REQUIRED WORK >>
One exact copy of the listing is needed. It should contain no pictures.

SOURCE DATA >>
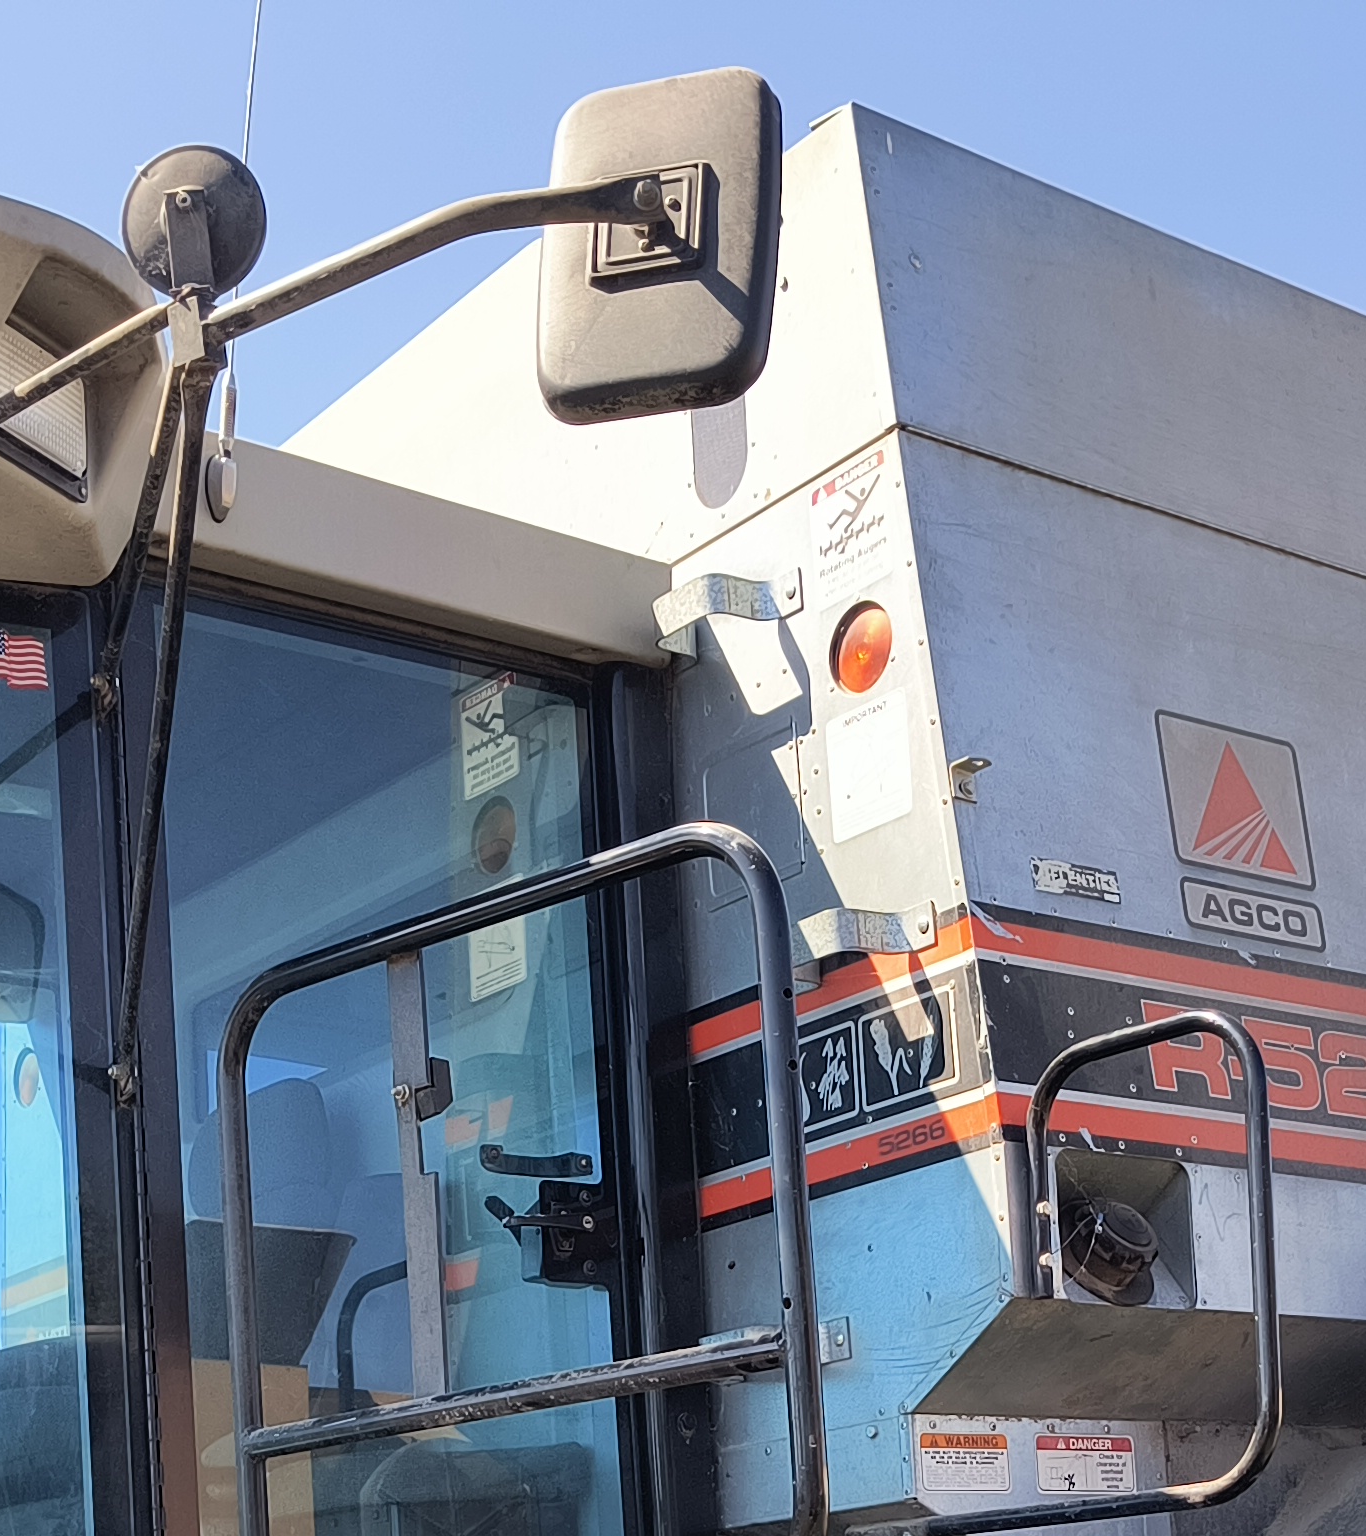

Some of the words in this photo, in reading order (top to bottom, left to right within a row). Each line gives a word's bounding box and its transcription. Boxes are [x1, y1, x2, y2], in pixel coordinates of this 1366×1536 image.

[842, 700, 888, 728] IMPORTANT
[1201, 893, 1308, 938] AGCO
[878, 1118, 946, 1156] 5266
[944, 1435, 999, 1447] WARNING
[1069, 1438, 1113, 1450] DANGER

ANSWER SPACE >>
Some of the words in this photo, in reading order (top to bottom, left to right within a row). Each line gives a word's bounding box and its transcription. Boxes are [x1, y1, x2, y2], in pixel coordinates of this 1366×1536 image.

[842, 700, 888, 728] IMPORTANT
[1201, 893, 1308, 938] AGCO
[878, 1118, 946, 1156] 5266
[944, 1435, 999, 1447] WARNING
[1069, 1438, 1113, 1450] DANGER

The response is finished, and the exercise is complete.